[Information Boundary: Start]

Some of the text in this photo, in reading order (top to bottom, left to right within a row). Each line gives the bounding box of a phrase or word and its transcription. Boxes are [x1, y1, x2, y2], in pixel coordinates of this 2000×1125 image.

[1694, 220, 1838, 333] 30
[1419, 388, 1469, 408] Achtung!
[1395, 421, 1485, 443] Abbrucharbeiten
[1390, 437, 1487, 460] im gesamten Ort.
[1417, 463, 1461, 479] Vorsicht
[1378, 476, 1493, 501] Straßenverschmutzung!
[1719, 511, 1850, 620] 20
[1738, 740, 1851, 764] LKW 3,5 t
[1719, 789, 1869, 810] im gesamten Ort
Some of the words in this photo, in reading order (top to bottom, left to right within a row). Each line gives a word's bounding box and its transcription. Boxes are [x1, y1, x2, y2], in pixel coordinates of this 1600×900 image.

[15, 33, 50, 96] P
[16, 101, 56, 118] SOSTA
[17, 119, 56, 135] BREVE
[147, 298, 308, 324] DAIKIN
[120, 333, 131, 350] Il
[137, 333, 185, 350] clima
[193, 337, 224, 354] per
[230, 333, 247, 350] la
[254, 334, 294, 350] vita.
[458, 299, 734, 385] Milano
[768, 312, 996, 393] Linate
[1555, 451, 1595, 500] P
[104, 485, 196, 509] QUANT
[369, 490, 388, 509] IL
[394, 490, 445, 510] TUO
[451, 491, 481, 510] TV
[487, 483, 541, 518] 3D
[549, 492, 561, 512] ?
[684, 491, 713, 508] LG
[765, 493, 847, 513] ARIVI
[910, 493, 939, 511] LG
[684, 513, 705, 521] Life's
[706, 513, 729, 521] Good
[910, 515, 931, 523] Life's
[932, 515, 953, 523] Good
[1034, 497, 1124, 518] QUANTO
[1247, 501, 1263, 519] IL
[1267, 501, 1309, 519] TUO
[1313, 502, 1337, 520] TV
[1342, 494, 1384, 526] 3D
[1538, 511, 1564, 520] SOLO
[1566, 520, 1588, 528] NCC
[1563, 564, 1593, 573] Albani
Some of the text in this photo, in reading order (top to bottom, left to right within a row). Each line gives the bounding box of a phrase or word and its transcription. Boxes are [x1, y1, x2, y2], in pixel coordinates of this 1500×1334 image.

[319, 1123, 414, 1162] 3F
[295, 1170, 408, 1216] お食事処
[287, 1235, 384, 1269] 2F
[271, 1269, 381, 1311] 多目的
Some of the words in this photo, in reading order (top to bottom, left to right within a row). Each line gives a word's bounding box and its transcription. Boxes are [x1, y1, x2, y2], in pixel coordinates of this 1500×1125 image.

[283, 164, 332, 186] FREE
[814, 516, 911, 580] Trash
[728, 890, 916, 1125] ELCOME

[Information Boundary: End]

### The task:
Reproduce each entry above character for character.

### Response to the task:
Some of the text in this photo, in reading order (top to bottom, left to right within a row). Each line gives the bounding box of a phrase or word and its transcription. Boxes are [x1, y1, x2, y2], in pixel coordinates of this 2000×1125 image.

[1694, 220, 1838, 333] 30
[1419, 388, 1469, 408] Achtung!
[1395, 421, 1485, 443] Abbrucharbeiten
[1390, 437, 1487, 460] im gesamten Ort.
[1417, 463, 1461, 479] Vorsicht
[1378, 476, 1493, 501] Straßenverschmutzung!
[1719, 511, 1850, 620] 20
[1738, 740, 1851, 764] LKW 3,5 t
[1719, 789, 1869, 810] im gesamten Ort
Some of the words in this photo, in reading order (top to bottom, left to right within a row). Each line gives a word's bounding box and its transcription. Boxes are [x1, y1, x2, y2], in pixel coordinates of this 1600×900 image.

[15, 33, 50, 96] P
[16, 101, 56, 118] SOSTA
[17, 119, 56, 135] BREVE
[147, 298, 308, 324] DAIKIN
[120, 333, 131, 350] Il
[137, 333, 185, 350] clima
[193, 337, 224, 354] per
[230, 333, 247, 350] la
[254, 334, 294, 350] vita.
[458, 299, 734, 385] Milano
[768, 312, 996, 393] Linate
[1555, 451, 1595, 500] P
[104, 485, 196, 509] QUANT
[369, 490, 388, 509] IL
[394, 490, 445, 510] TUO
[451, 491, 481, 510] TV
[487, 483, 541, 518] 3D
[549, 492, 561, 512] ?
[684, 491, 713, 508] LG
[765, 493, 847, 513] ARIVI
[910, 493, 939, 511] LG
[684, 513, 705, 521] Life's
[706, 513, 729, 521] Good
[910, 515, 931, 523] Life's
[932, 515, 953, 523] Good
[1034, 497, 1124, 518] QUANTO
[1247, 501, 1263, 519] IL
[1267, 501, 1309, 519] TUO
[1313, 502, 1337, 520] TV
[1342, 494, 1384, 526] 3D
[1538, 511, 1564, 520] SOLO
[1566, 520, 1588, 528] NCC
[1563, 564, 1593, 573] Albani
Some of the text in this photo, in reading order (top to bottom, left to right within a row). Each line gives the bounding box of a phrase or word and its transcription. Boxes are [x1, y1, x2, y2], in pixel coordinates of this 1500×1334 image.

[319, 1123, 414, 1162] 3F
[295, 1170, 408, 1216] お食事処
[287, 1235, 384, 1269] 2F
[271, 1269, 381, 1311] 多目的
Some of the words in this photo, in reading order (top to bottom, left to right within a row). Each line gives a word's bounding box and its transcription. Boxes are [x1, y1, x2, y2], in pixel coordinates of this 1500×1125 image.

[283, 164, 332, 186] FREE
[814, 516, 911, 580] Trash
[728, 890, 916, 1125] ELCOME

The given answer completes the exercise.